You've painted me a cripple;
stolen the virtue of trained limbs,
and given little explanation.
I breathed in the cool of the day;
alive in the innocence of ignorance,
drinking deeply its wonder...
or at least so I believed.
But beyond the flaming gates,
in the land east of Eden,
my heart returned to the dust.
My flesh remembered;
my veins coursed liquid air,
acquired with my adequate lungs.
And there I understood alone.
"To what gain", said the earth.
"To what gain is your walking?
You only move further away from where it is that you're going."
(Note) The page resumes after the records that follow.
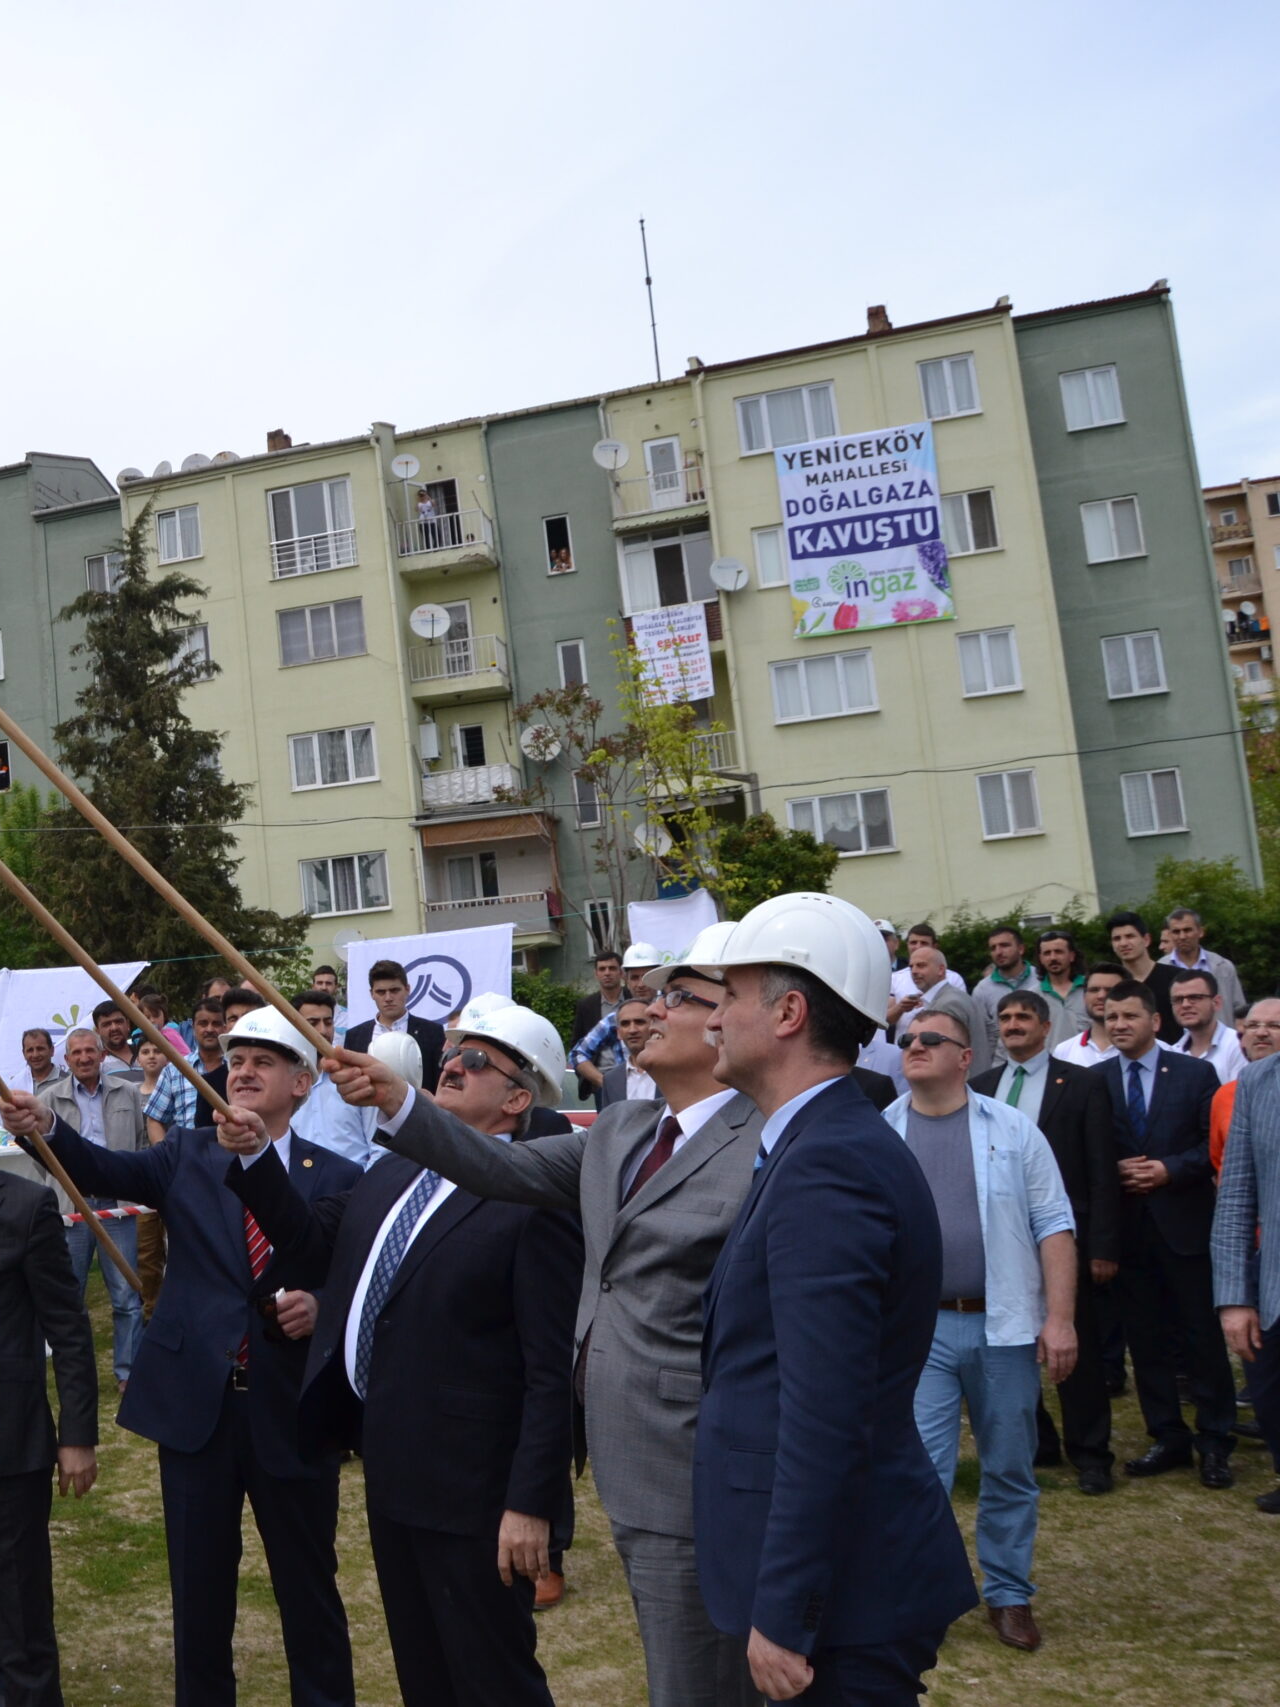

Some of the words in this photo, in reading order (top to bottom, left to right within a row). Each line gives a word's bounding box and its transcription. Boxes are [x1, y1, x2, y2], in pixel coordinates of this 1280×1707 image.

[782, 429, 925, 470] YENİCEKÖY
[805, 458, 908, 487] MAHALLESİ
[785, 479, 934, 518] DOĞALGAZA
[793, 509, 935, 555] KAVUŞTU
[844, 570, 918, 603] ingaz
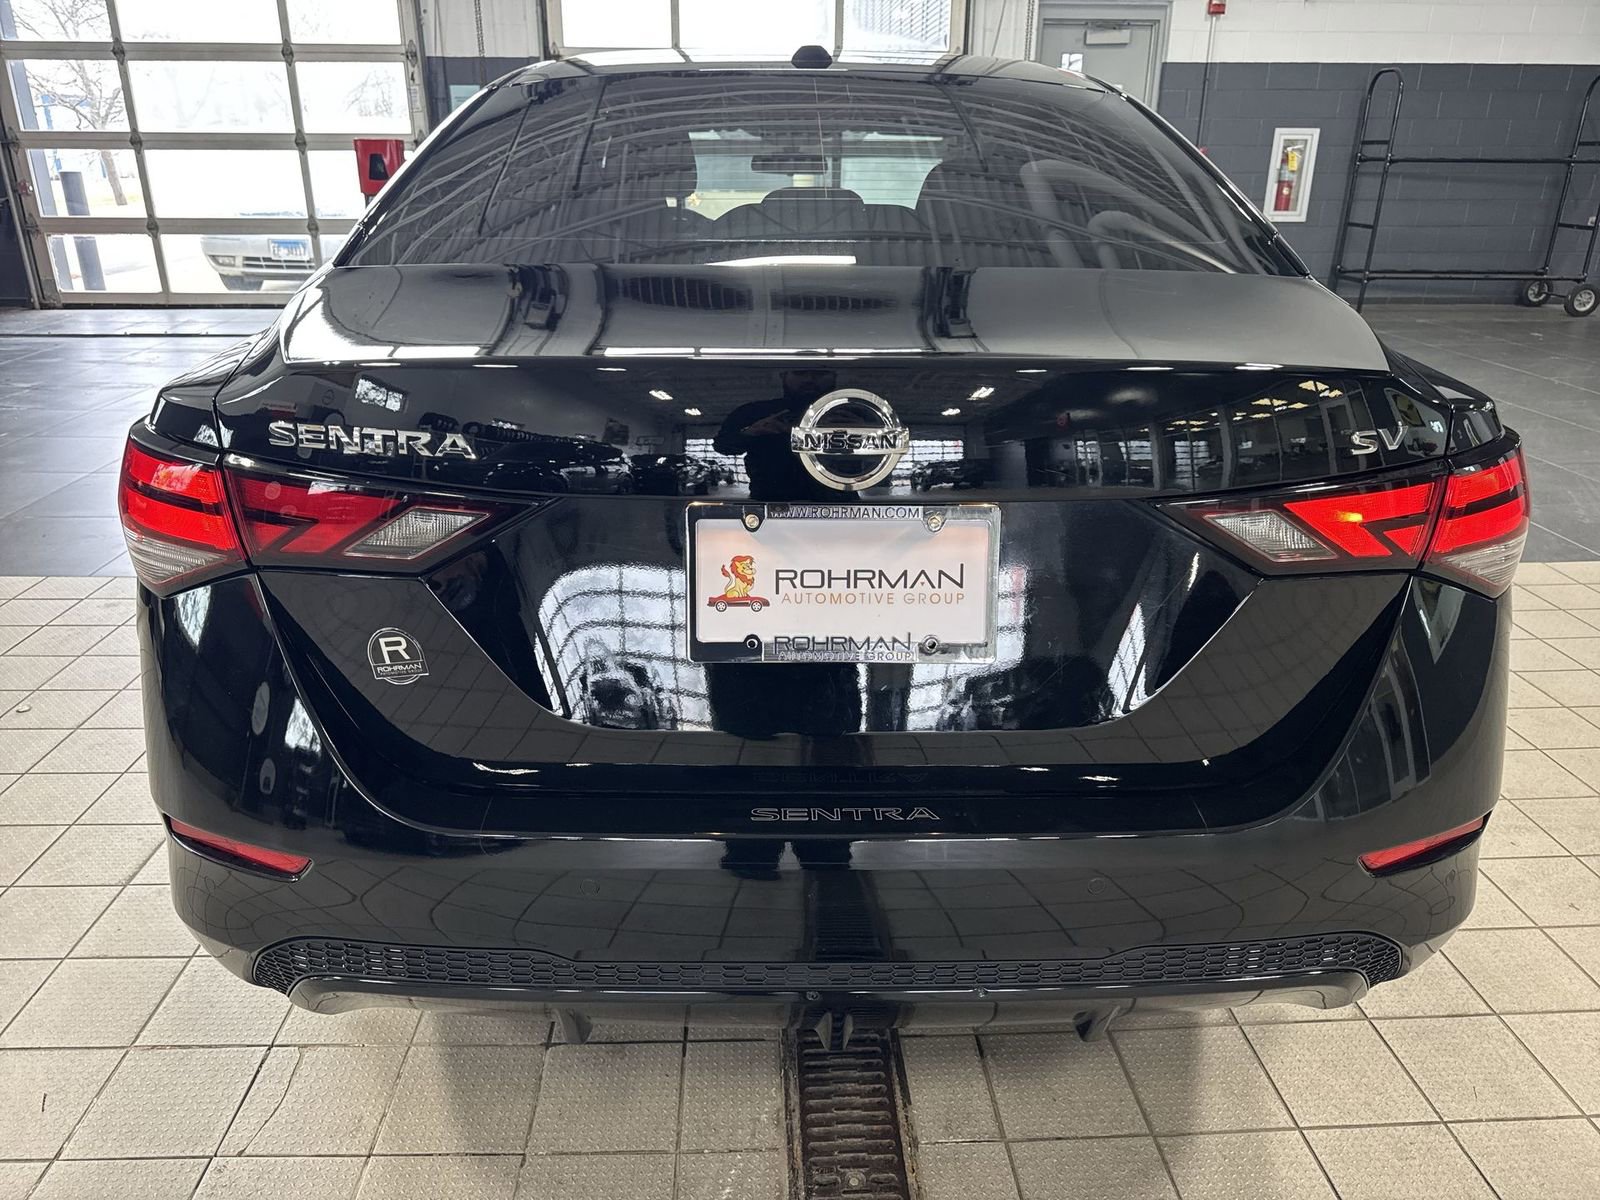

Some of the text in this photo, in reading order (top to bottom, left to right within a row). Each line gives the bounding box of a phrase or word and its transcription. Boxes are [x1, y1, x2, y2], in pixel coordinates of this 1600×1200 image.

[268, 420, 477, 460] SENTRA
[803, 432, 898, 450] NISSAN
[1350, 421, 1408, 455] SV
[775, 563, 964, 595] ROHRMAN
[781, 592, 965, 605] AUTOMOTIVE GROUP
[379, 636, 410, 664] R
[774, 632, 911, 654] ROHRMAN
[868, 651, 912, 662] GROUP
[377, 662, 422, 674] ROHRMAN
[750, 807, 940, 821] SENTRA
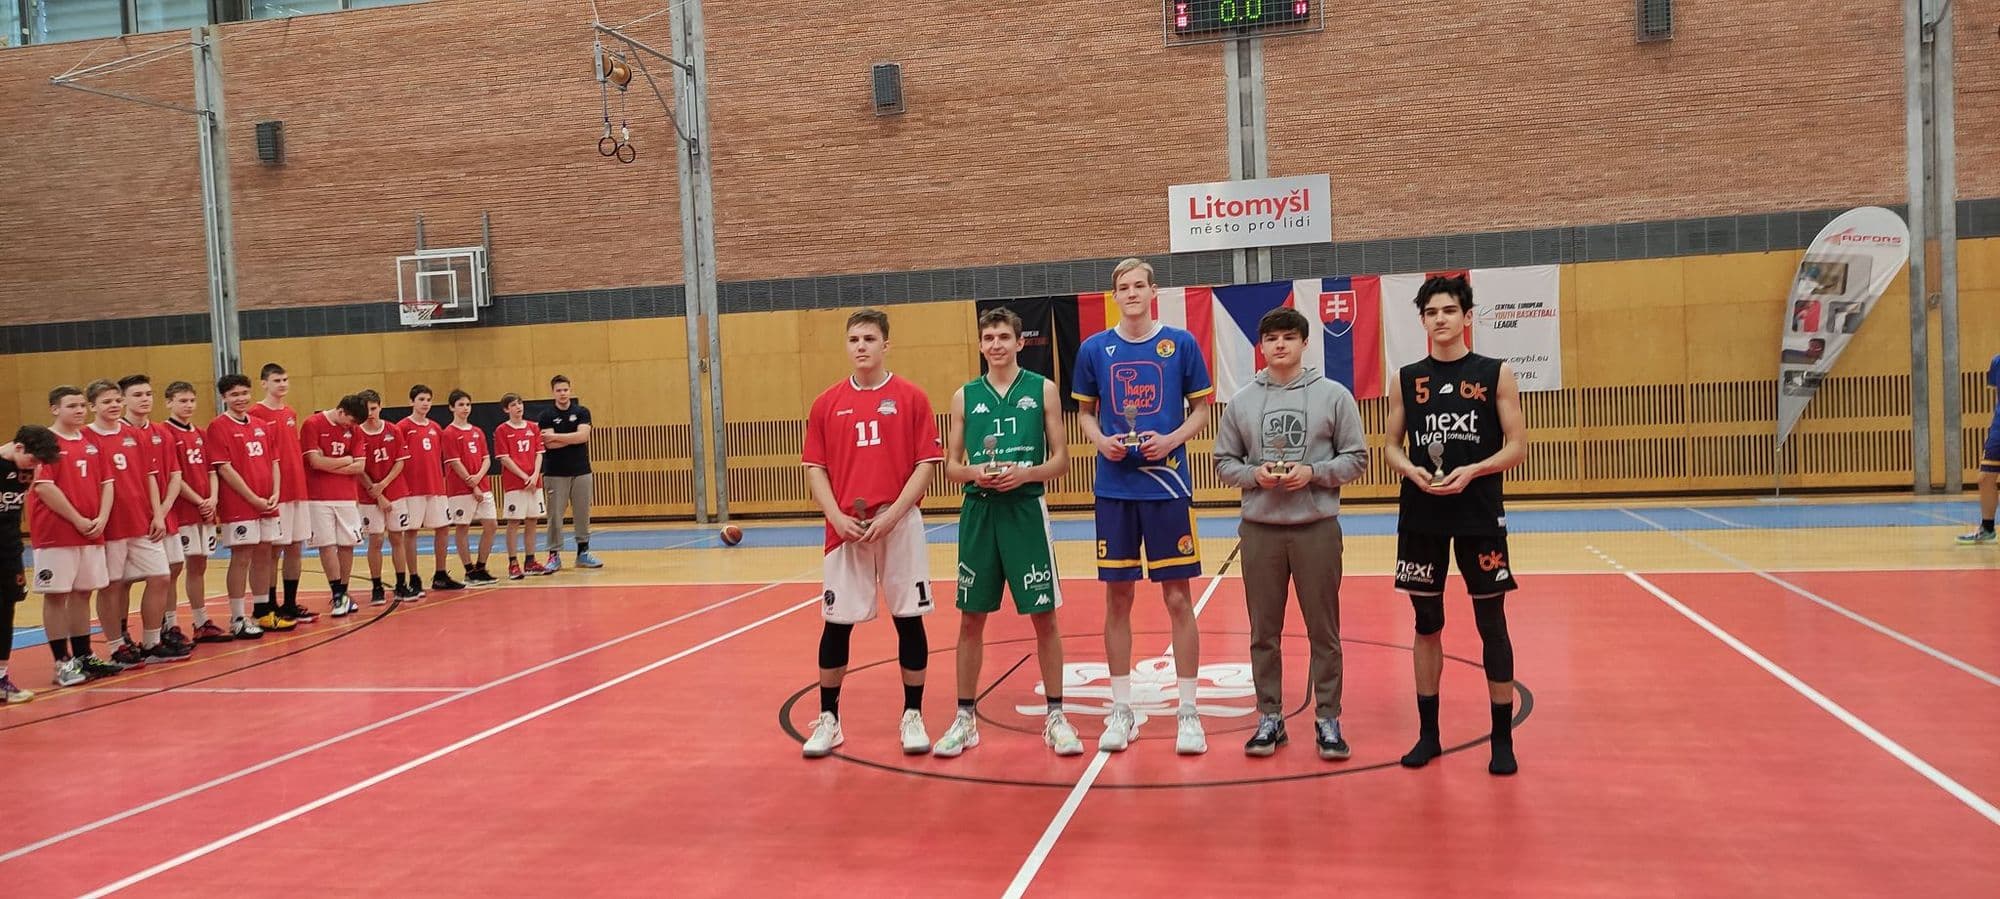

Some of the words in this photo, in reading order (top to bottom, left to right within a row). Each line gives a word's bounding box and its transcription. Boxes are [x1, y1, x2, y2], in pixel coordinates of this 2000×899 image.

[1189, 188, 1310, 221] Litomyšl
[1190, 220, 1240, 235] město
[1248, 220, 1275, 234] pro
[1283, 215, 1311, 229] lidi
[1494, 303, 1516, 311] CENTRAL
[1517, 301, 1544, 310] EUROPEAN
[1494, 311, 1516, 320] YOUTH
[1516, 309, 1557, 319] BASKETBALL
[1493, 319, 1519, 329] LEAGUE
[1415, 377, 1430, 404] 5
[1459, 379, 1488, 401] bk
[992, 416, 1017, 437] 17
[1425, 410, 1479, 433] next
[855, 420, 881, 448] 11
[1415, 427, 1448, 447] level
[1447, 430, 1481, 444] consulting
[245, 441, 264, 457] 13
[422, 437, 432, 451] 6
[468, 441, 477, 454] 5
[516, 439, 531, 453] 17
[113, 453, 128, 470] 9
[186, 448, 204, 464] 22
[373, 447, 390, 463] 21
[76, 459, 88, 478] 7
[1098, 539, 1107, 559] 5
[1396, 559, 1434, 576] next
"For what purpose", groaned creation.
"For what purpose is your talking?
You only declare things you have not understood"
But what of my lungs;
are they not strong?
What of these legs;
do they not carry me forward on sinew and bone?
What of these eyes;
can they not perceive the way before me?
There I understood alone.
For all of my going,
I've done my good to the end of Yours.
Blinded in the brilliant light
of the likeness impressing itself,
I lost my way in finding it well.
So paint me the cripple;
You owe me no explanation.
Make me to lie down,
so You might lead me beside.
Restore the soul that surrenders;
restore the soul that has given up.
So that someone beside myself,
so that You,
might rescue me.
Paint me the cripple,
in the garden where walking cease.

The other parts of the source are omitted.